→ **WHAT TO WORK ON**:
Retype the entries below exactly, dropping the images.

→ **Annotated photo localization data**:
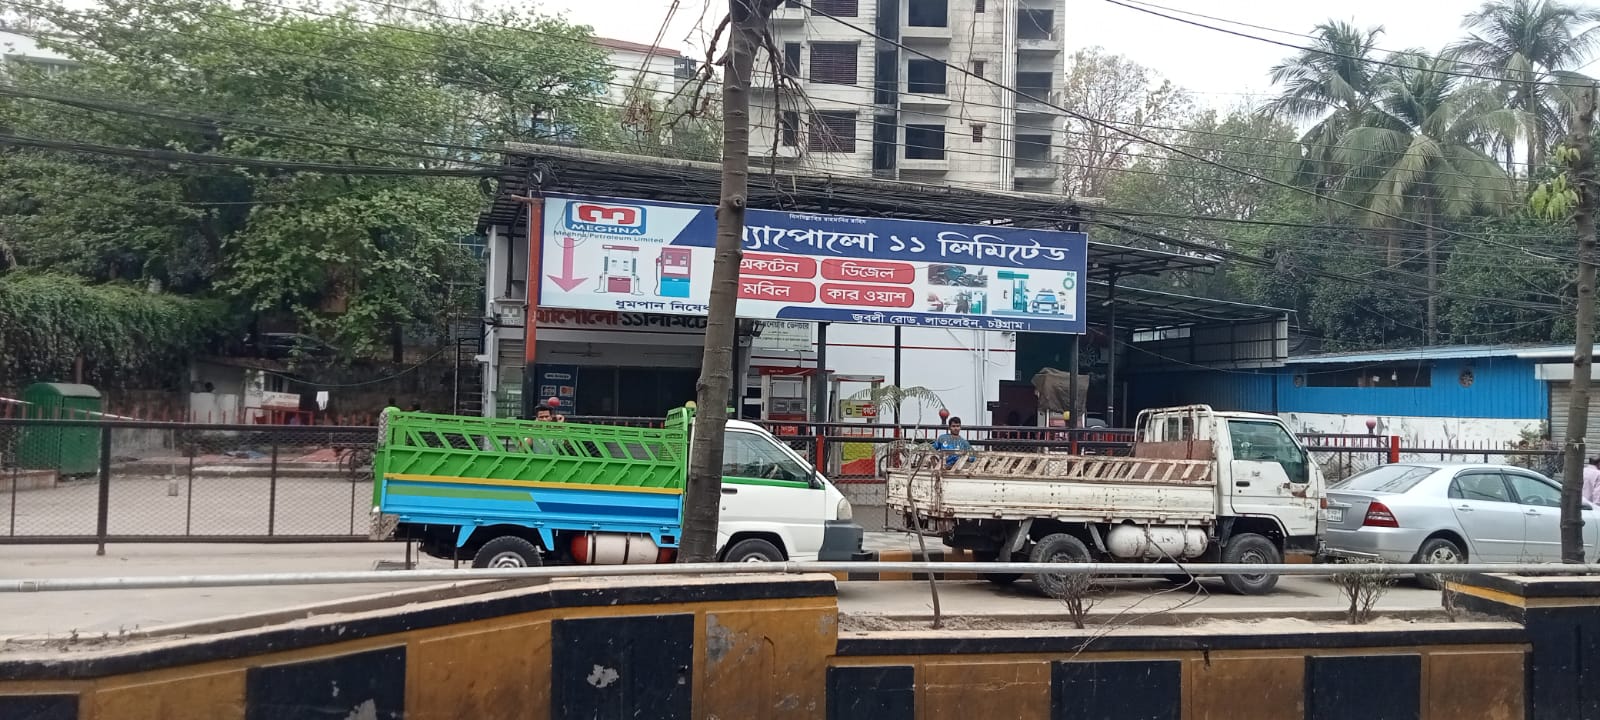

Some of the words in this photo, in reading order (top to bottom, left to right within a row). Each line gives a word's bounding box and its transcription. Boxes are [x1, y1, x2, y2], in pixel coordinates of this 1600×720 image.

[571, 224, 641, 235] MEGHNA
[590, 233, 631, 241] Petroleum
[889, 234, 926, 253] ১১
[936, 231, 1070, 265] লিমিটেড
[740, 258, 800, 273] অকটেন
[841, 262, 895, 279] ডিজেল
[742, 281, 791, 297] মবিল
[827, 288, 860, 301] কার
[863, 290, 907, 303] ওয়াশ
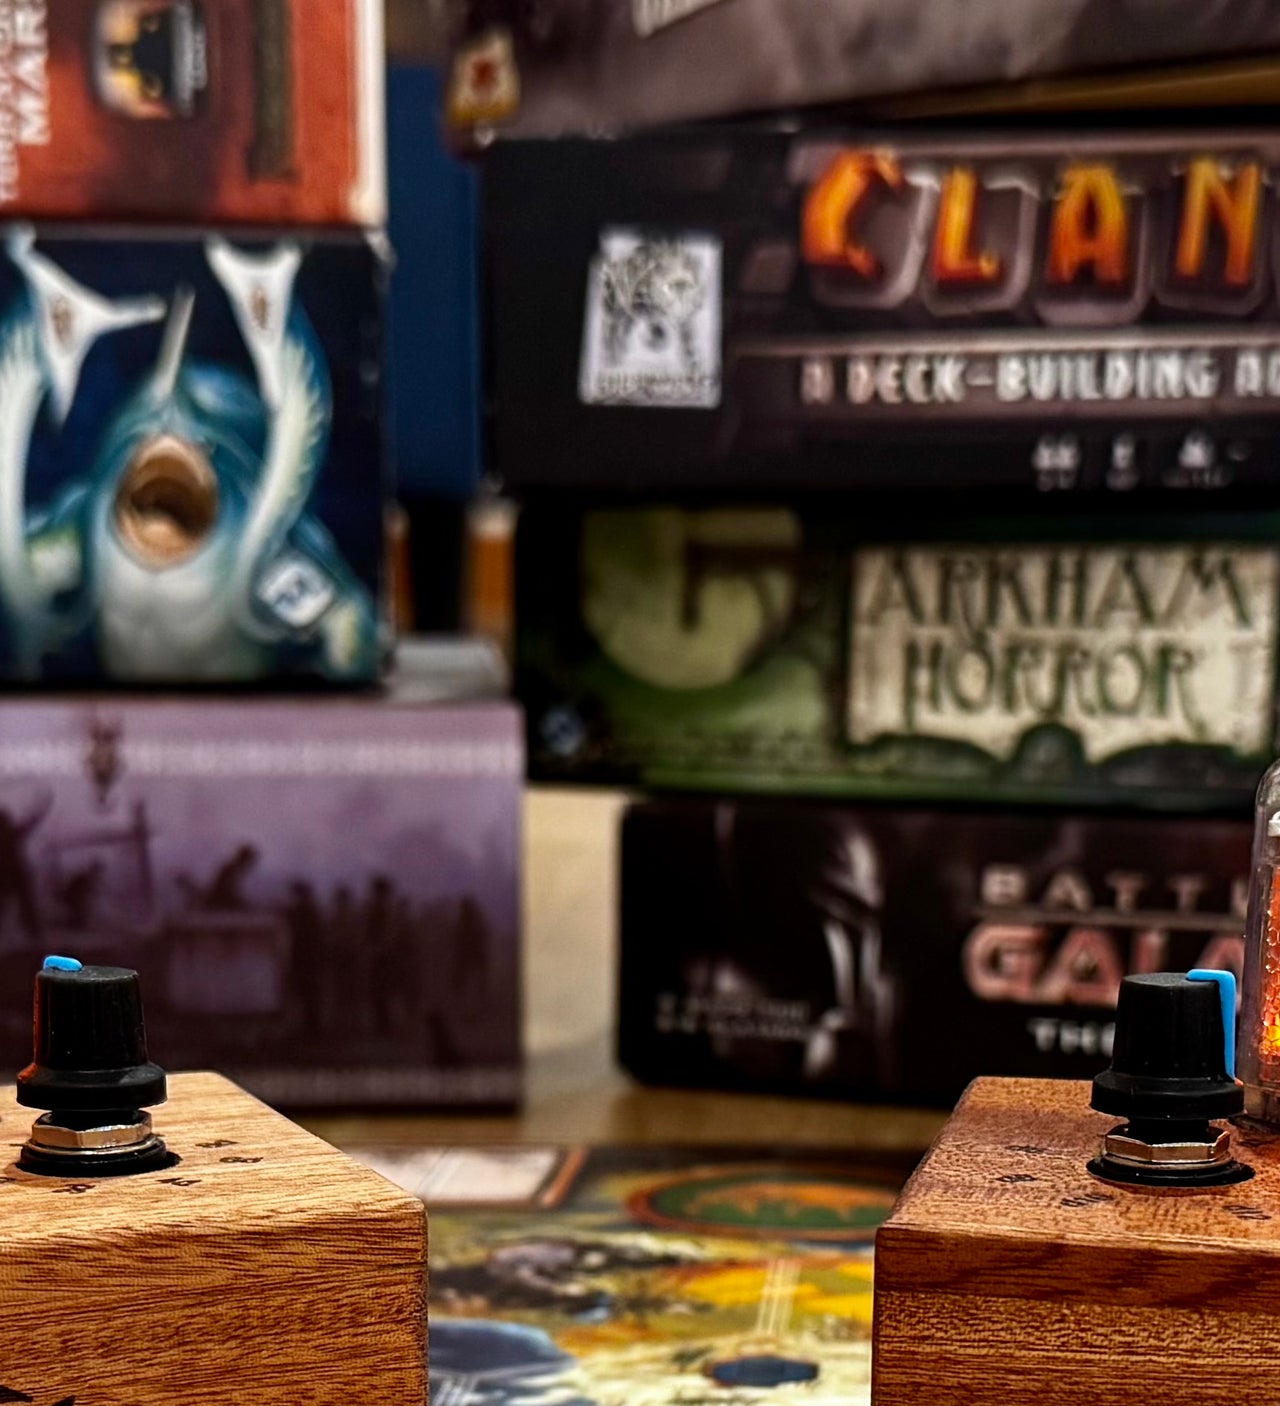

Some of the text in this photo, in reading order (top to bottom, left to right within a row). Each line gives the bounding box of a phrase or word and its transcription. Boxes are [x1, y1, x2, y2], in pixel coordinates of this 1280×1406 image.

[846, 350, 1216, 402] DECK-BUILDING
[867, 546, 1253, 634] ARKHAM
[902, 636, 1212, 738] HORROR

→ **EXERCISE OUTPUT**:
Some of the words in this photo, in reading order (top to bottom, left to right within a row). Each line gives a word's bounding box and its transcription. Boxes are [x1, y1, x2, y2], in pixel coordinates of this 1600×720 image.

[571, 224, 641, 235] MEGHNA
[590, 233, 631, 241] Petroleum
[889, 234, 926, 253] ১১
[936, 231, 1070, 265] লিমিটেড
[740, 258, 800, 273] অকটেন
[841, 262, 895, 279] ডিজেল
[742, 281, 791, 297] মবিল
[827, 288, 860, 301] কার
[863, 290, 907, 303] ওয়াশ

Some of the text in this photo, in reading order (top to bottom, left to right within a row). Each line gives the bounding box of a phrase or word and its transcription. Boxes are [x1, y1, x2, y2], in pixel coordinates of this 1280×1406 image.

[846, 350, 1216, 402] DECK-BUILDING
[867, 546, 1253, 634] ARKHAM
[902, 636, 1212, 738] HORROR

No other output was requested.